Uno de los rasgos característicos del nivel de consciencia mítico -en el que la especie humana vivió durante milenios y algunos de cuyos reflejos siguen presentes entre nosotros- es la convicción de que la verdad pertenece al propio grupo, por lo que se descarta como falsa cualquier otra opinión. Y ello no debido a una “mala voluntad”, sino sencillamente como consecuencia de lo que ese nivel de consciencia permite ver.
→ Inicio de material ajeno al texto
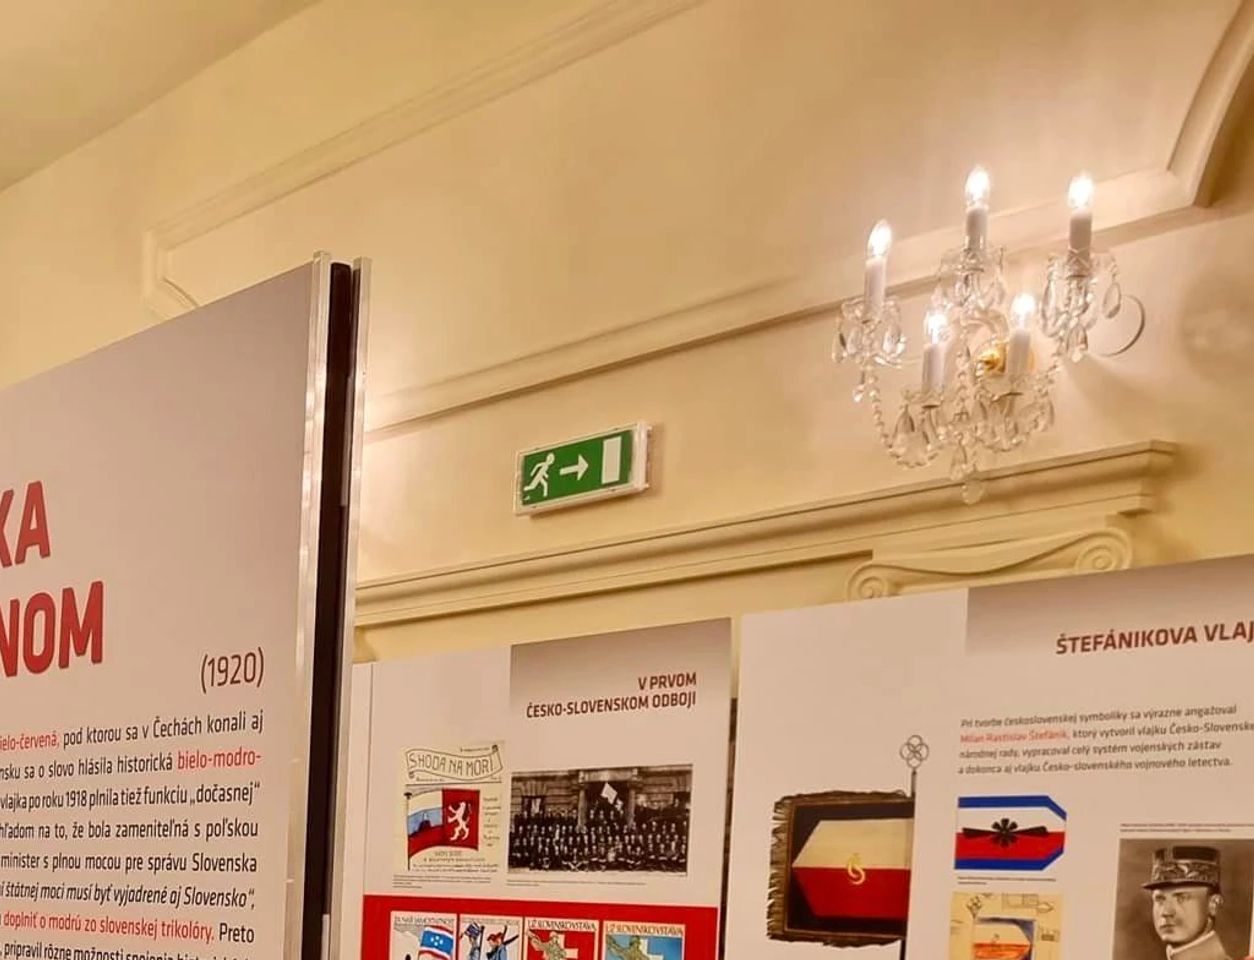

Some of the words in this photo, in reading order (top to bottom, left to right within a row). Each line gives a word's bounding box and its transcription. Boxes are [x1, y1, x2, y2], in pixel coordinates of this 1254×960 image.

[1056, 626, 1197, 654] ŠTEFÁNIKOVA
[200, 647, 266, 693] (1920)
[638, 677, 647, 690] V
[650, 672, 696, 689] PRVOM
[526, 695, 648, 718] ČESKO-SLOVENSKOM
[652, 691, 696, 709] ODBOJI
[64, 729, 82, 749] pod
[87, 727, 121, 743] ktorou
[126, 726, 137, 740] sa
[142, 725, 149, 738] v
[153, 716, 202, 737] Čechách
[207, 711, 245, 733] konali
[252, 709, 263, 733] aj
[24, 765, 34, 779] sa
[48, 760, 74, 777] slovo
[78, 758, 112, 775] hlásila
[118, 752, 173, 773] historická
[178, 747, 261, 770] bielo-modro-
[409, 752, 446, 771] SHODA
[449, 759, 463, 774] NA
[0, 793, 27, 809] vlajka
[29, 796, 40, 812] po
[42, 791, 63, 809] roku
[66, 790, 87, 807] 1918
[89, 789, 118, 810] plnila
[121, 787, 141, 805] tiež
[144, 785, 187, 804] funkciu
[190, 781, 260, 806] „dočasnej“
[39, 825, 50, 838] na
[55, 823, 67, 839] to,
[72, 822, 84, 837] že
[88, 820, 111, 838] bola
[115, 819, 188, 837] zameniteľná
[206, 817, 258, 842] poľskou
[1, 852, 39, 869] minister
[52, 853, 80, 873] plnou
[85, 856, 120, 869] mocou
[125, 855, 142, 875] pre
[148, 853, 186, 875] správu
[192, 853, 257, 872] Slovenska
[41, 883, 64, 899] moci
[67, 884, 92, 900] musí
[95, 883, 112, 905] byť
[114, 885, 167, 907] vyjadrené
[170, 886, 180, 908] aj
[48, 914, 81, 931] modrú
[85, 918, 96, 931] zo
[100, 916, 157, 940] slovenskej
[162, 921, 214, 944] trikolóry.
[219, 923, 254, 943] Preto
[4, 942, 42, 960] pripravil
[44, 944, 71, 960] rôzne
La consciencia mítica bloquea la capacidad de asumir otra perspectiva. Con ello, hace radicalmente imposible cualquier intento de diálogo. Para quien se halla en el nivel etnocéntrico (mítico), solo hay una verdad, que es la del propio grupo (o del propio ego). En consecuencia, “los otros” no solo no pueden ser comprendidos, sino que es necesario obligarlos a cambiar (o “acabar con ellos”, como se lee en el texto que comento). Cualquier propuesta de comprensión de los otros será tachada, como mínimo, de “buenismo” condescendiente y radicalmente equivocado. Trataré de clarificarlo con un hecho reciente: cuando en uno de sus viajes, un periodista le preguntó por la actitud de la Iglesia hacia las personas homosexuales, el papa Francisco contestó: “¿Quién soy para juzgar?”. Ante esas palabras, grupos católicos fundamentalistas reaccionaron de inmediato: “No solo hay que juzgarlos, sino condenarlos porque están en el error. Y el error no tiene derechos”. Pues bien, esta reacción únicamente puede nacer de una consciencia mítica.  
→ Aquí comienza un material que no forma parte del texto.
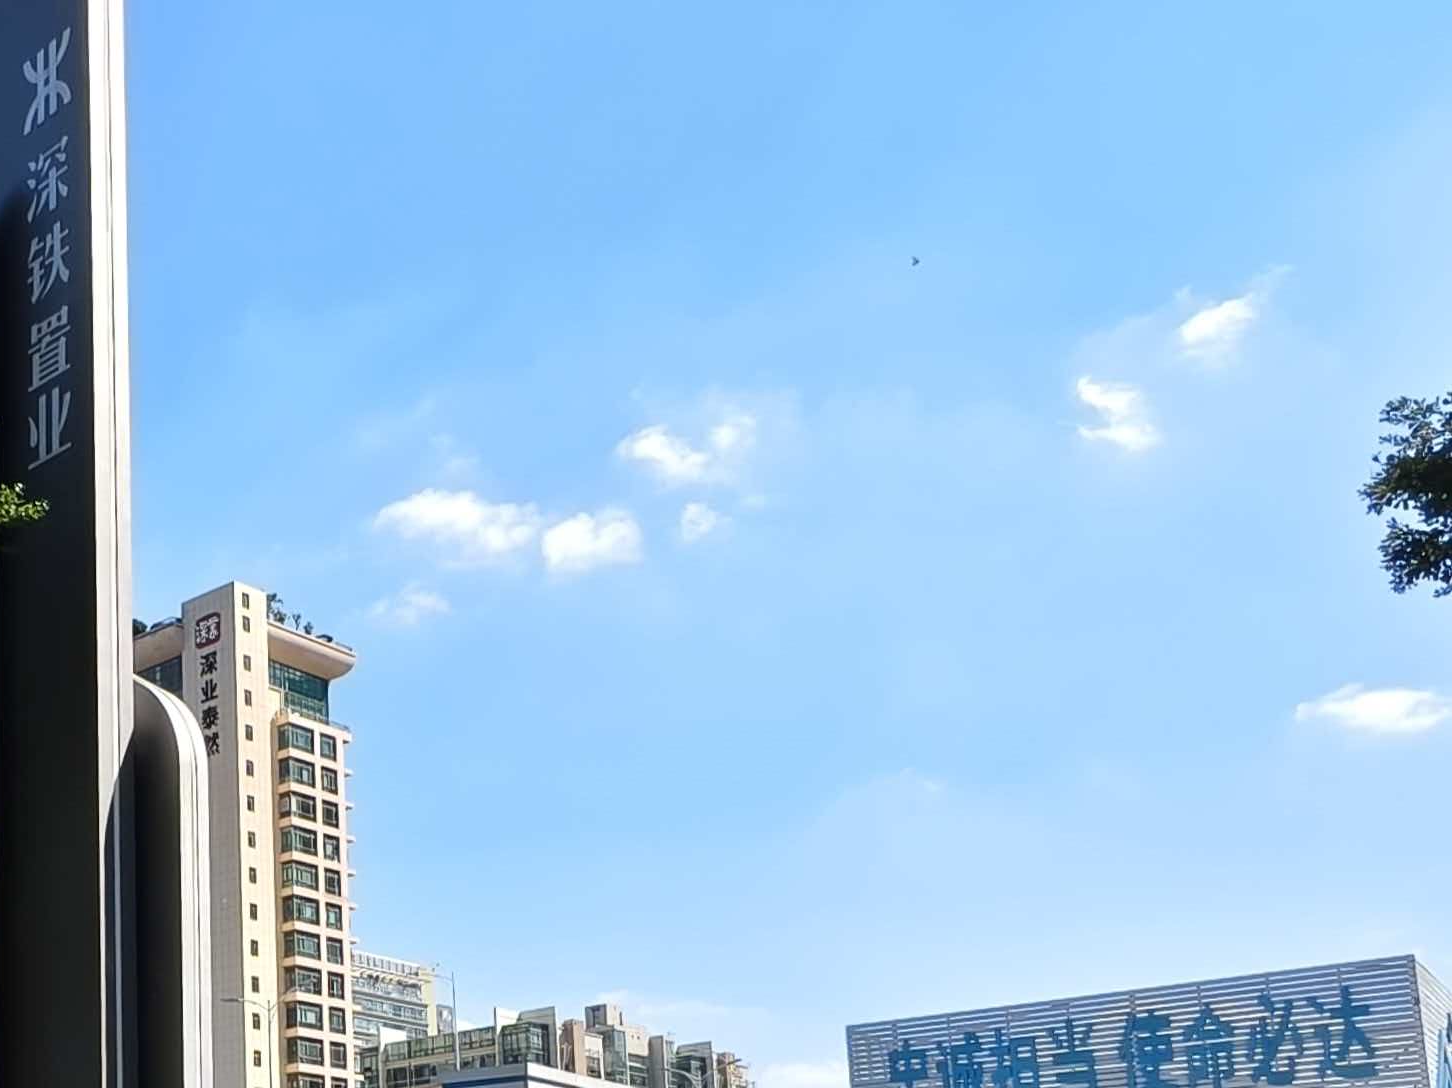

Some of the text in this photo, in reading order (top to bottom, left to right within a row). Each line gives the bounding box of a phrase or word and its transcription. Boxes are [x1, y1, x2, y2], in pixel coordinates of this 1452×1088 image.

[27, 136, 72, 470] 深铁置业
[200, 651, 221, 757] 深业泰然
La consciencia mítica -aunque no solo ella- es una consciencia de separatividad, marcada por la vivencia de un dualismo extremo entre “los nuestros” y “los otros”. No es difícil constatar los resultados que tal consciencia ha producido a lo largo de la historia humana: separación, enfrentamiento, guerras, aniquilación de los otros…
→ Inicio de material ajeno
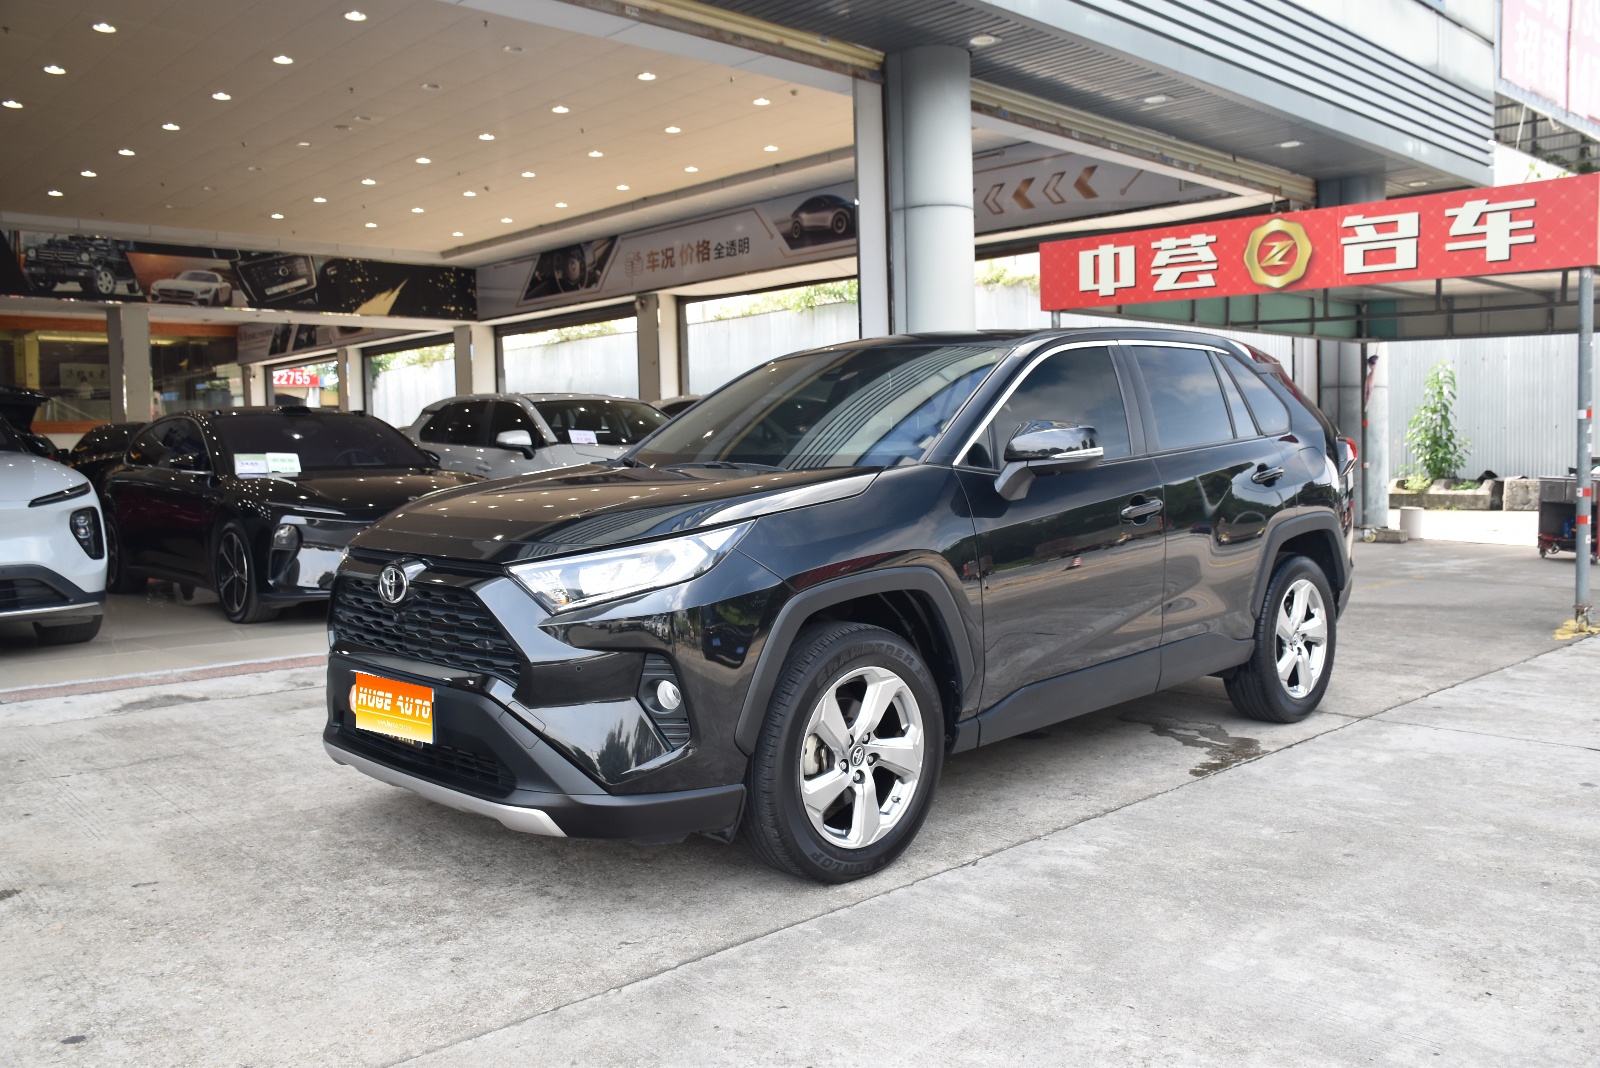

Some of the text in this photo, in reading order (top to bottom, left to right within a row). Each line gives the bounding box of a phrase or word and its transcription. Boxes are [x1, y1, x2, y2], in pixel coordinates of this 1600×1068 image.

[646, 237, 750, 273] 车况 价格 全透明
[1079, 234, 1218, 297] 中荟
[1340, 198, 1537, 275] 名车
Dado que el origen de la trampa no reside tanto en la voluntad, sino en el nivel de consciencia, parece obvio que únicamente la apertura a un nivel de consciencia más amplio -integral, pluralista, aperspectivista, mundicéntrico…- hará posible un nuevo modo de relación entre los humanos. La transformación radical es siempre hija de la comprensión. Solo una consciencia de unidad, que se corresponde a la realidad y supera las estrechas y reductoras lecturas mentales, permite dejar de hablar de “los nuestros” y “los demás”, para reconocernos todos en nuestra unidad básica, más allá de las diferencias en que nos experimentamos.

¿Qué tipo de consciencia predomina en mí?